Disclosure of Invention
The invention aims to provide a method for calculating the shale content based on logging data of a drilling database, which can quickly, efficiently and accurately complete the statistics of the shale content in a target layer when the shale content in a stratum needs to be counted at any time, further identify the control factors of uranium mineralization and effectively overcome the problems of timeliness, low efficiency and low accuracy in the traditional core counting method.
The technical scheme for realizing the purpose of the invention is as follows:
a method of calculating shale content based on borehole database log data, the method comprising the steps of:
step S1: counting the exploration drilling data;
step S2: counting the logging data of the target horizon;
step S3: calculating the mud content of the target horizon;
step S4: and generating a shale content contour map of the target layer.
The step S1 specifically includes: and (4) constructing a drilling database of the research area, and counting coordinates, encountered stratums and comprehensive logging data of different drill holes in the drilling database.
The study area bore database of step S1 includes: a drilling basic information table, a comprehensive record table and a logging record table.
The step S2 specifically includes: and selecting a target horizon, recording the coordinates of the drill holes for all the drill holes of the target horizon revealed by the drilling engineering, and respectively obtaining the drill hole numbers, the drill hole coordinates, the natural gamma values and the like of different drill holes on the target horizon.
The step S3 specifically includes: and summarizing a regression equation of the natural gamma value and the shale content in the comprehensive logging data according to the statistical rule, calculating the shale content of the single drill hole one by one according to the regression equation by using the natural gamma value obtained in the step S2, and calculating the shale content of all drill holes in the target horizon according to all drill holes of the target horizon counted in the drill hole database until the calculation of the shale content of all drill holes in the target horizon is completed.

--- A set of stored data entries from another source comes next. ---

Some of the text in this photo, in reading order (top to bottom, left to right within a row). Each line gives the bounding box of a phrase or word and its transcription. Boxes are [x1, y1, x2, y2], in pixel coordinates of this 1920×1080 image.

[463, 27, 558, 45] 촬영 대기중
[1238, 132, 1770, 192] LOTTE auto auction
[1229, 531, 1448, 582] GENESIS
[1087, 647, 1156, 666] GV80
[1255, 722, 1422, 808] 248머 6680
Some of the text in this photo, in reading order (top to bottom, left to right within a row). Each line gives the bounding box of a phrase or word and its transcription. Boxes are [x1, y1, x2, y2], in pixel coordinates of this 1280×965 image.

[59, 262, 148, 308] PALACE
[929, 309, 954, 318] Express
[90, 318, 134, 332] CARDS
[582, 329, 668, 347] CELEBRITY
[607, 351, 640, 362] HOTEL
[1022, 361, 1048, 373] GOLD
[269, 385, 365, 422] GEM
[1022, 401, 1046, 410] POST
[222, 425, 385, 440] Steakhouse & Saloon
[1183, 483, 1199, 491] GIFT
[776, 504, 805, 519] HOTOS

The regression equation of the natural gamma value and the shale content in the comprehensive logging data in the step S3 is as follows:
y=a*exp(b*x),
wherein, y: calculating the mud content result;
x: a natural gamma count API;
a, b: through the correlation coefficient obtained by statistics, the correlation coefficient between the two regions is different.
The step S4 specifically includes: and generating a shale content contour map of the target horizon by adopting a space interpolation method according to the drill hole coordinates of the target horizon revealed by the drilling engineering and the shale content calculated in the step S3.
The invention has the beneficial technical effects that:
1. the invention provides a method for calculating the shale content based on logging data of a drilling database, which is characterized in that a favorable ore-forming structure in an ore-finding target layer is identified through the logging data, a lithologic space combination of mud-sand-mud which is favorable for sandstone-type uranium ore-forming is mainly identified, the thickness of the general upper and lower layers of mudstone is 1-2 m, the lithologic combination relation of the thickness of the middle sand body which is 20-30 m is most favorable for interlayer oxidized zone-type uranium ore-forming, the upper and lower mudstones are barrier layers of confined water, and the middle sand body is a migration space of interlayer water and a favorable space of sandstone-type uranium ore-forming.
2. The method can quickly and effectively acquire the shale content of the target layer, automatically generate the contour map of the shale content of the target layer, effectively identify the control factors of uranium mineralization, has the characteristics of simplicity, quickness and the like, is suitable for screening of sandstone-type uranium mineralization environment, research of uranium mineralization rules and the like, and further lays a foundation for sandstone-type uranium ore prediction and evaluation work.
Drawings
FIG. 1 is a flow chart of a method for calculating shale content based on borehole database logging data according to the present invention;
FIG. 2 shows a first prosodic layer (J) of a first lithologic segment of a Xishan kiln group in the decared beach area of Tuoha basin2X1-1) And (5) a argillaceous content equivalence map.
Detailed Description
The present invention will be described in further detail with reference to the accompanying drawings and examples.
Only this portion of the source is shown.